The passenger next to me was a research fellow at PARC (the Palo Alto Research Center for Xerox). He was one of the contributors to the invention of the mouse, among other things. He asked me what was on my mind, and I told him. He asked me, “Are you religious?”

I was. I had previous served a full-time mission for my church in Alaska, and was what one might say observant in my person religious activities. He told me the commandment to work was the first given to Adam and Eve after the fall (see Genesis 3:19). If it’s the first commandment given to mortal people, then it must be important. Work is a godly activity.

You don’t need to be religious to see the positive value of work. Regardless of the type of (honest) job you may have, it falls into one or both the following categories: creative or service. In this classification, creative work takes matter or ideas of a lower form of organization and transforms them something of a higher form. Building homes, analyzing data, updating a website, farming, refining oil, and repairing cars are all types of creation. Regardless of how directly or indirectly, how visible or hidden, service jobs help others. Both activities, creation and service, are the fundamental activities of God.

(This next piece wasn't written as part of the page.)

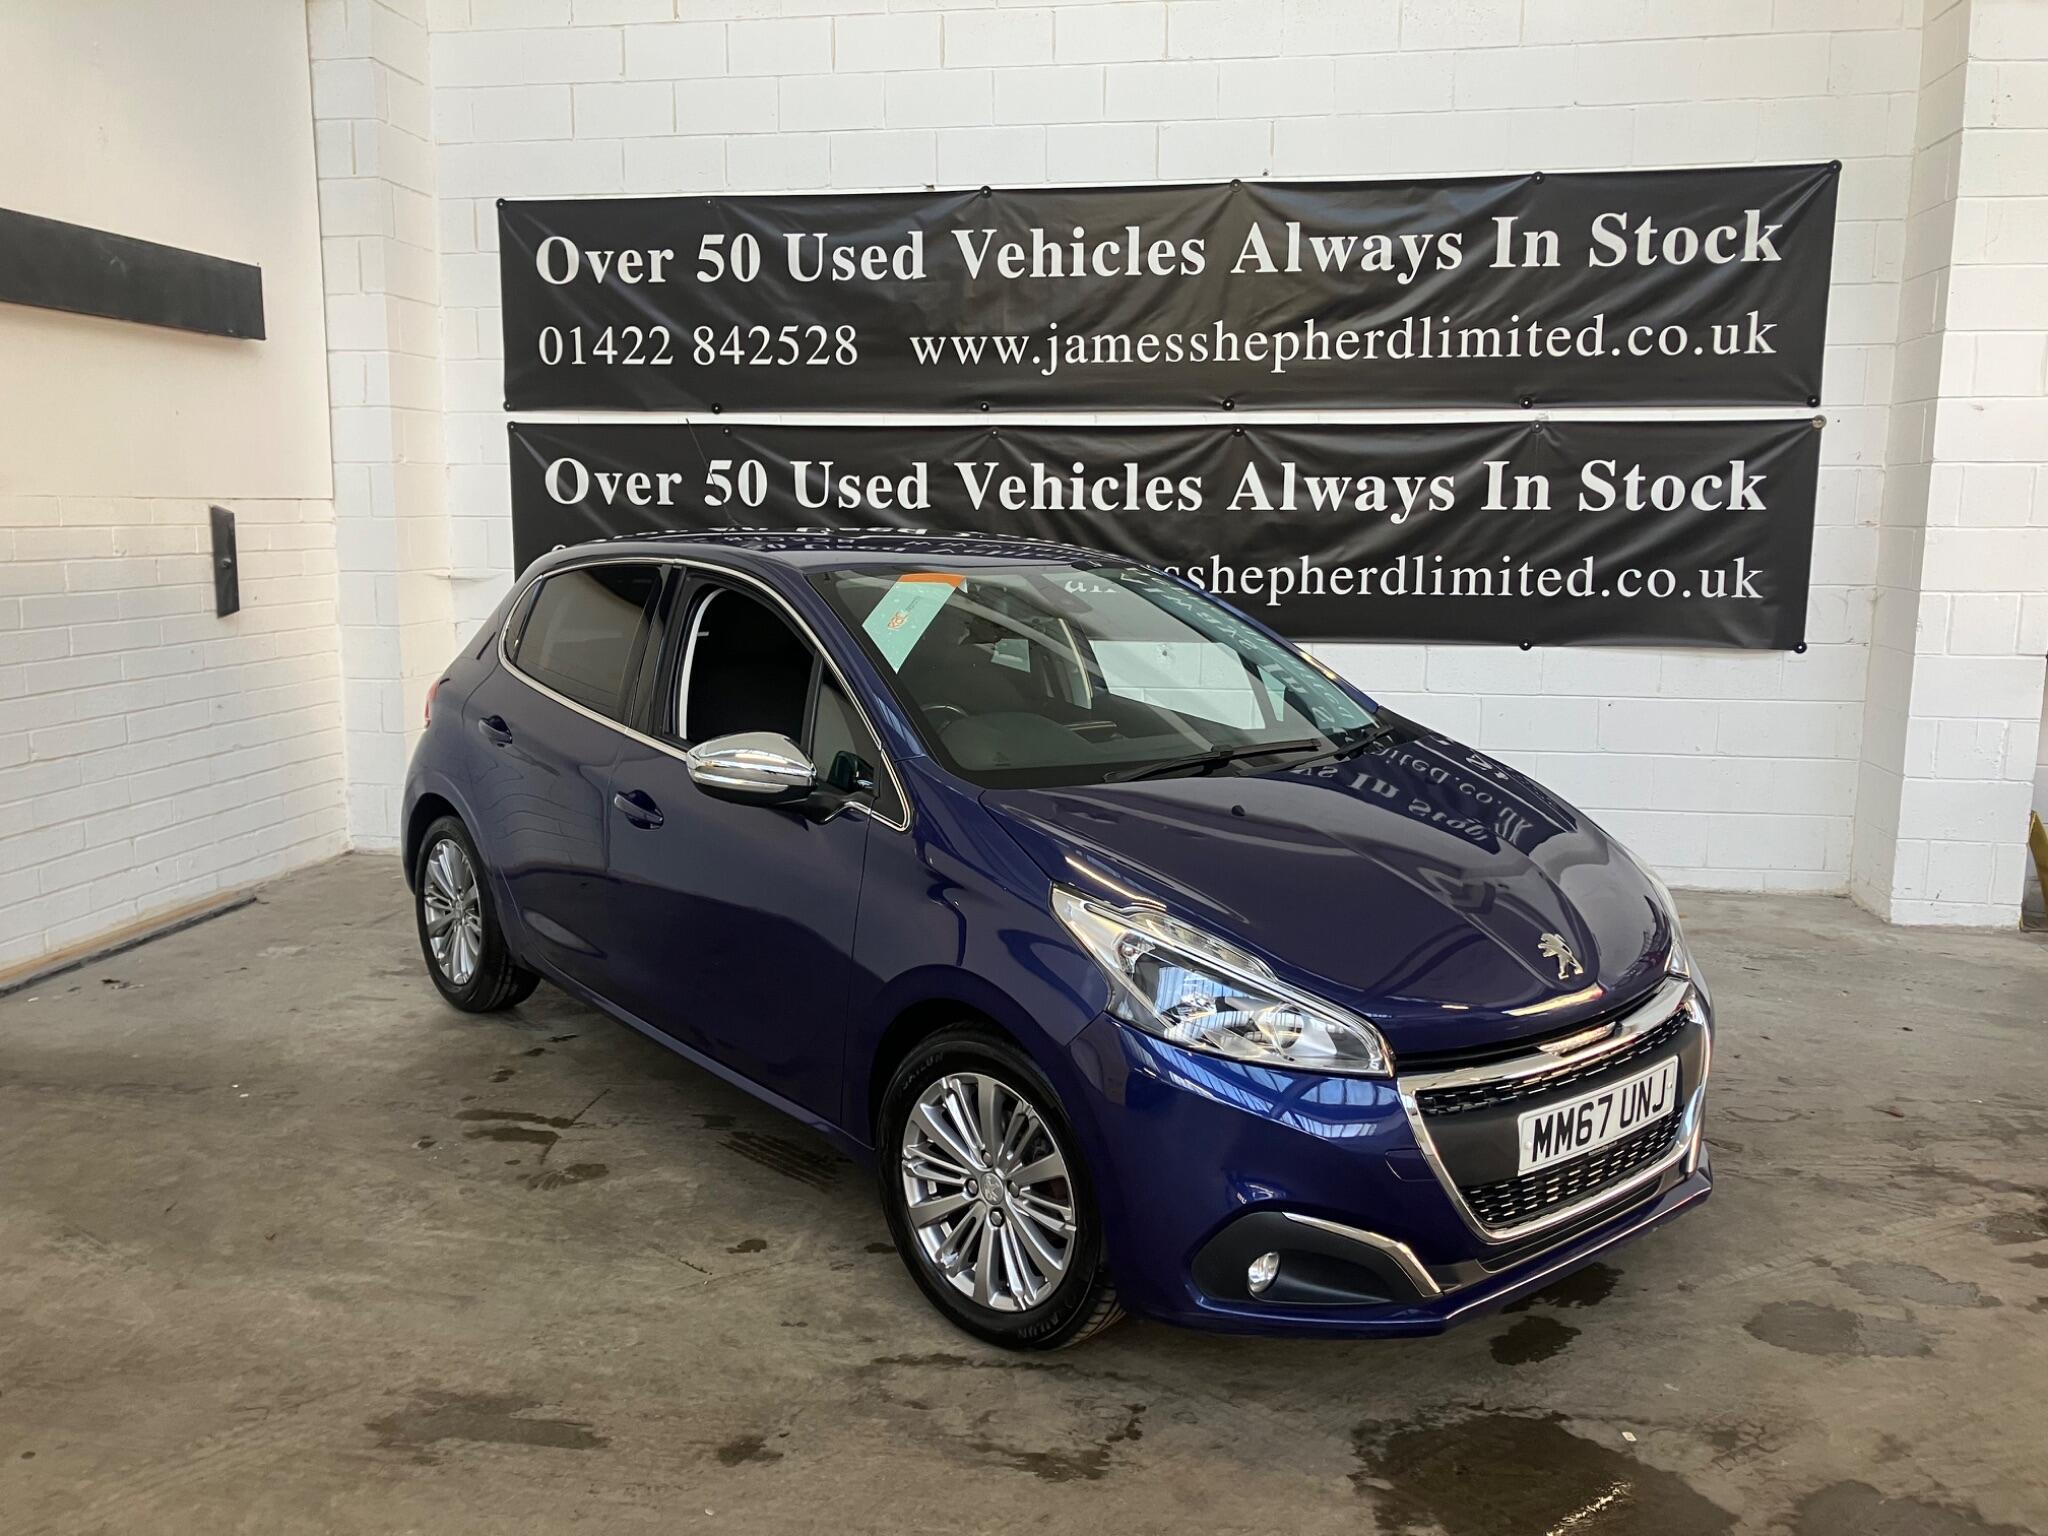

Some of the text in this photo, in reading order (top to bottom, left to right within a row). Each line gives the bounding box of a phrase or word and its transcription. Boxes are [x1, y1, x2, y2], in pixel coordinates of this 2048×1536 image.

You don’t need faith in a higher power to participate in this power’s work and glory. Creation and service produce satisfaction. You may have a menial job without obvious value, but if you are arranging things into a higher level of organization or are serving others then you are performing a valuable function. Learning to find joy in the real value of one’s job provides the foundation for a career and mortal satisfaction. Those who recognize that what they do is important are happier and more productive. If you want to make your work better, find ways to organize your matter into a higher level of usefulness. Don’t just fulfill your assignments; give superior service to your customers. Exercise faith that doing your work better will bring you more happiness and more success in your career.

On the flight back from that first business trip, my philosophical angst was gone. I only thought about what the next project would be and the pending drive down to Huntington Beach to see Tom Curren at the surf contest (Barton Lynch beat Sunny Garcia at the main event that year).